Kanika Jain, B.B. Chattoo

Center for Genome Research, M. S. University of Baroda
RNA interference (RNAi) is a system within living cells that helps to control which genes are active and
how active they are. Two types of small RNA molecules microRNA (miRNA) and small interfering
RNA (siRNA) are central to RNA interference.
siRNAs derive from long double stranded RNA precursors and are perfectly complementary to a
particular target mRNA and cleaves that target, whereas miRNAs are generated from short hairpin RNA
precursors and are partially complementary to the target mRNA.
MicroRNAs (miRNAs) are small single-stranded RNA molecules with a length of 21-23 nucleotides that
regulate gene expression post-transcriptionally. They have a regulatory function that is down regulation of
gene expression either by degradation of messenger RNA or by inhibition of protein translation.
Both pathways are found in plants and animals. However, in fungi, evidence exists only for siRNA
Although no experimental evidence for the presence of miRNA pathways in fungi has been published,
various developmental processes point to the possibility that miRNAs are also encoded in the genome of
fungi. Unfortunately, traditional gene expression techniques like Northern blot, reverse transcription PCR
(RT-PCR), SAGE, and DNA microarrays are not always applicable to predict miRNAs due to the lack of
sensitivity and specificity. Because of these disadvantages of experimental approach, computational
methods have been developed to predict new miRNAs in worms, flies, and humans. This project was
undertaken 1) to computationally predict the microRNA sequence patterns in the genome of 22 fungi
using miRNA Search Tool, 2) to identify the target genes for predicted miRNAs using target prediction
programs and, 3) to perform functional annotation of the target genes using various web resources.

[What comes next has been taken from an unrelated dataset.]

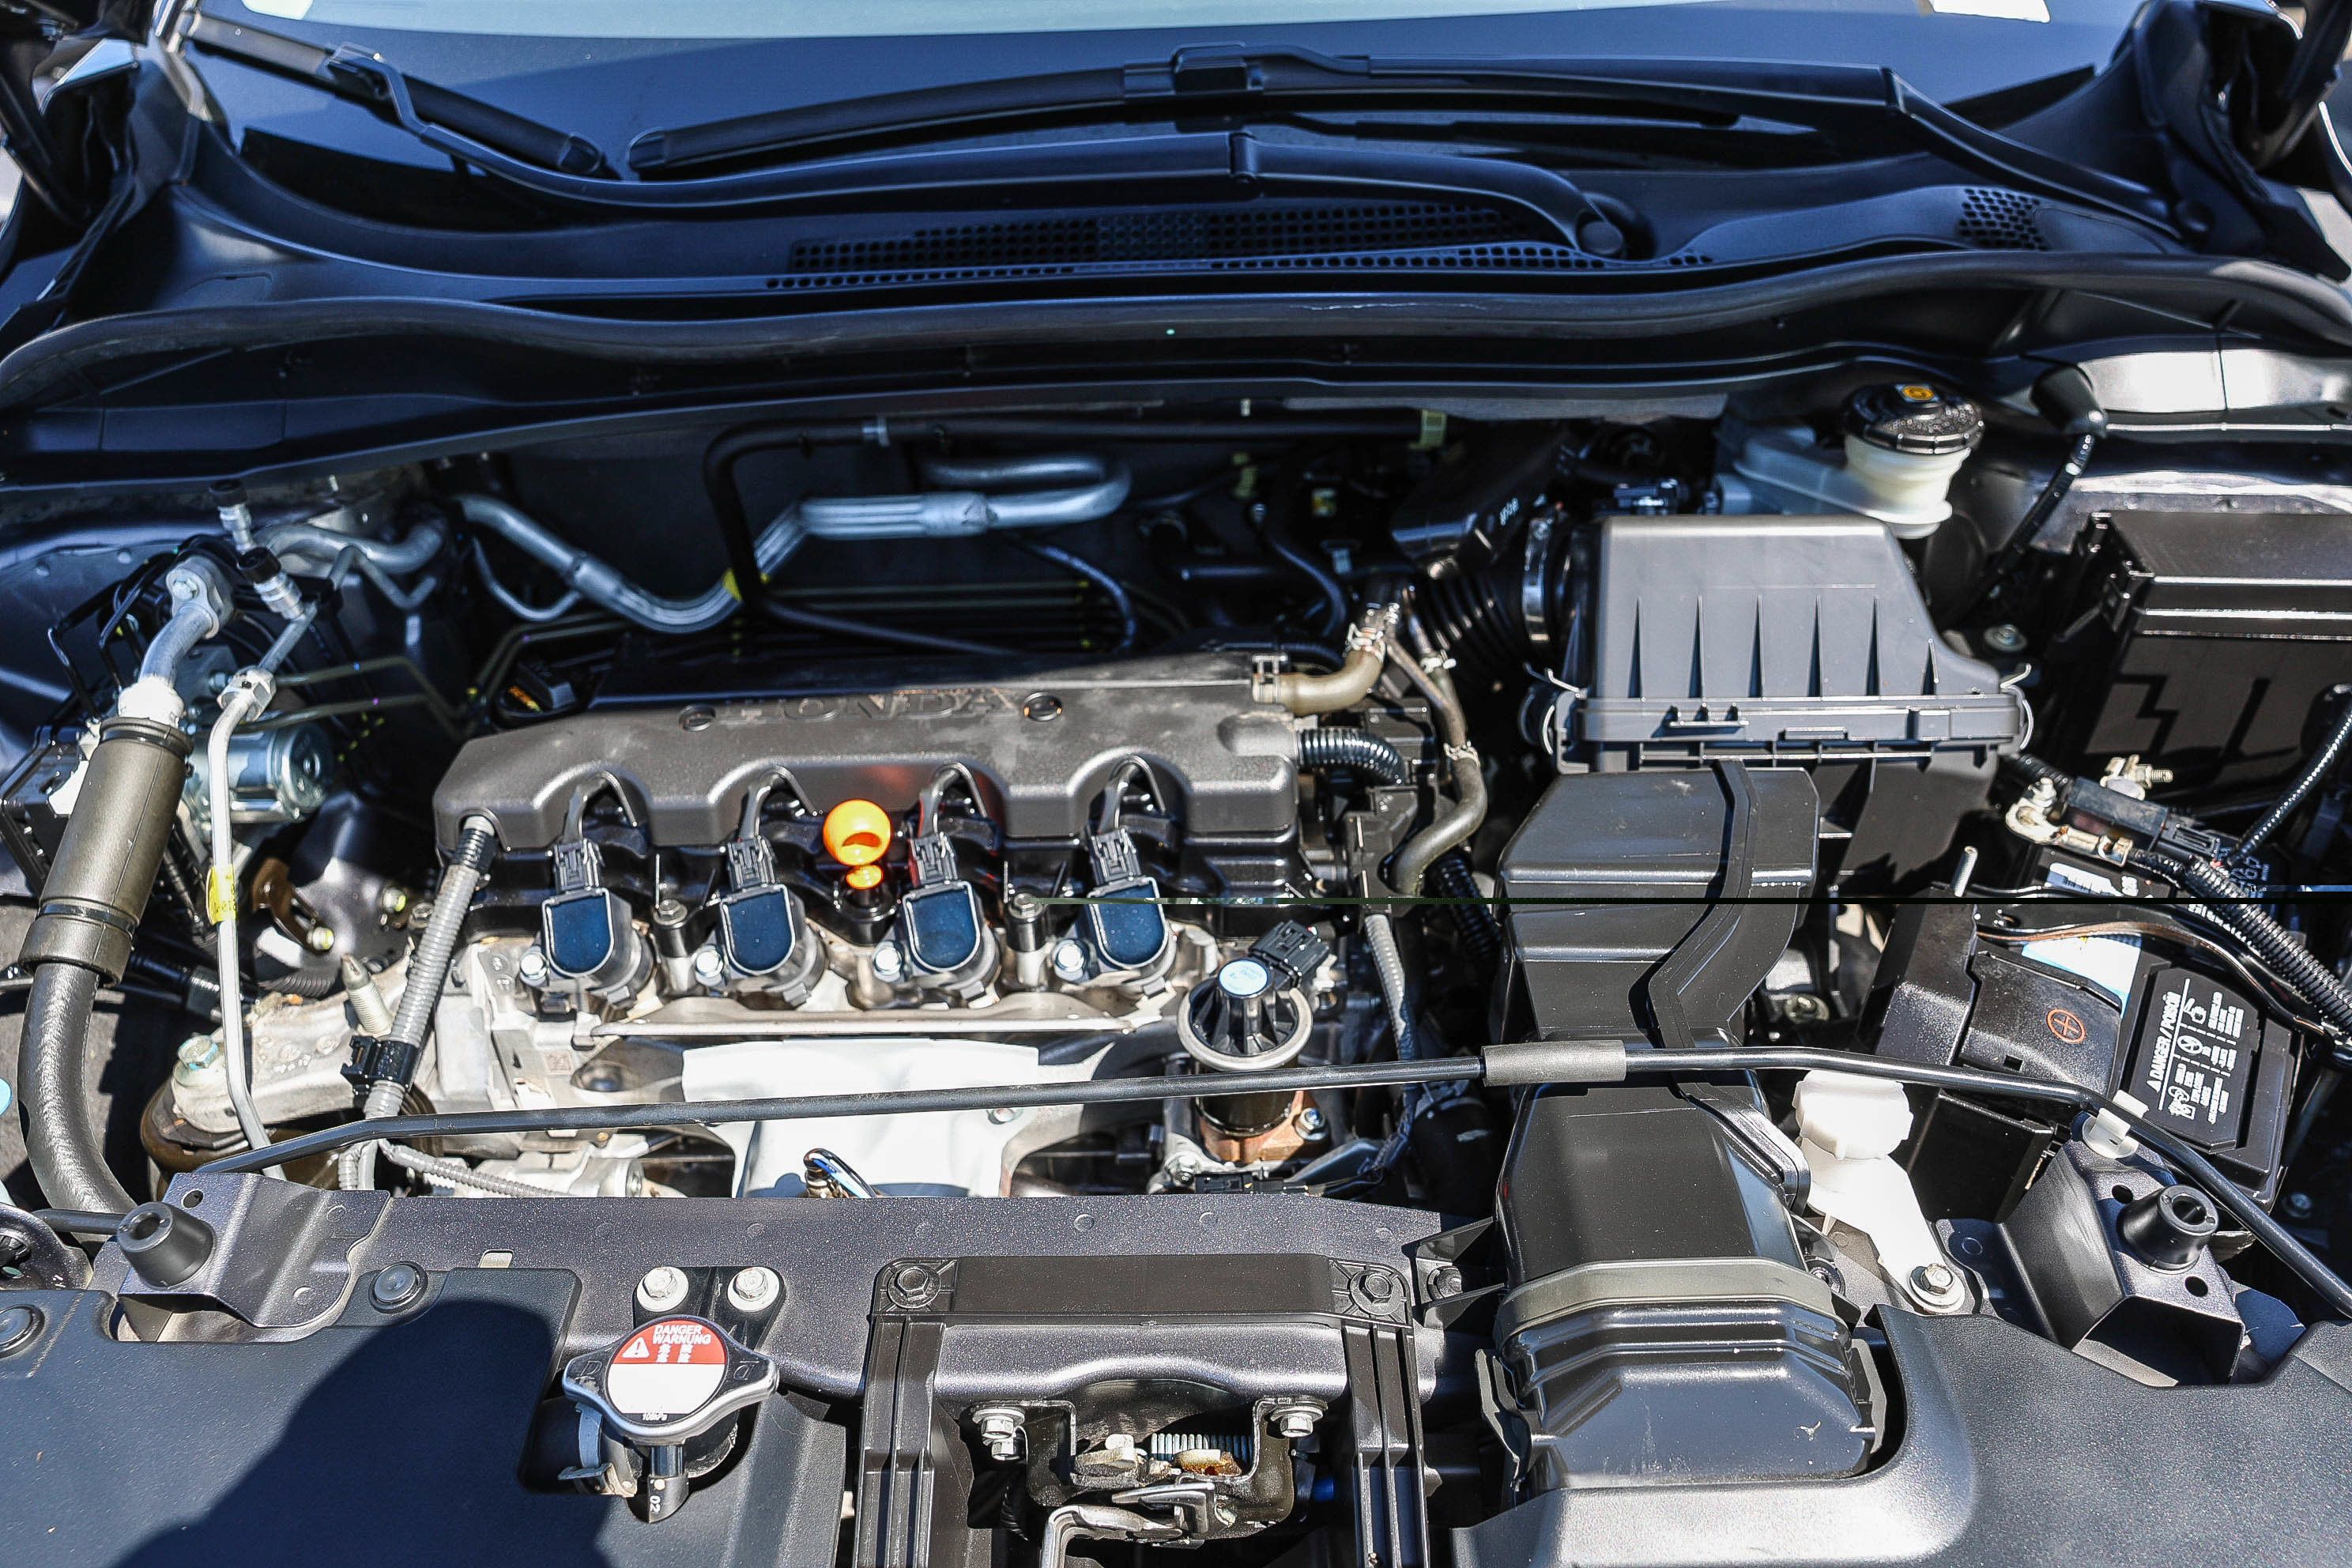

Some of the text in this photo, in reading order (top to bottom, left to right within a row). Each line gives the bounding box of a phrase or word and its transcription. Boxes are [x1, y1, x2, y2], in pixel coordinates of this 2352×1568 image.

The results obtained from the analysis predicted microRNA sequences which shared sequence homology
with some of the plant and animal miRNA. Most of the genes targeted by predicted microRNA were
found to be highly conserved in pathogenic fungi and were involved in transcription regulation, DNA
binding, ATP binding, protein and zinc ion binding while many other genes were hypothetical. It can be
concluded from the analysis that microRNAs are well distributed among fungal genomes and may play an
important role in controlling expression of genes which are responsible for transcription regulation, DNA
binding, ATP binding and many other important physiological processes.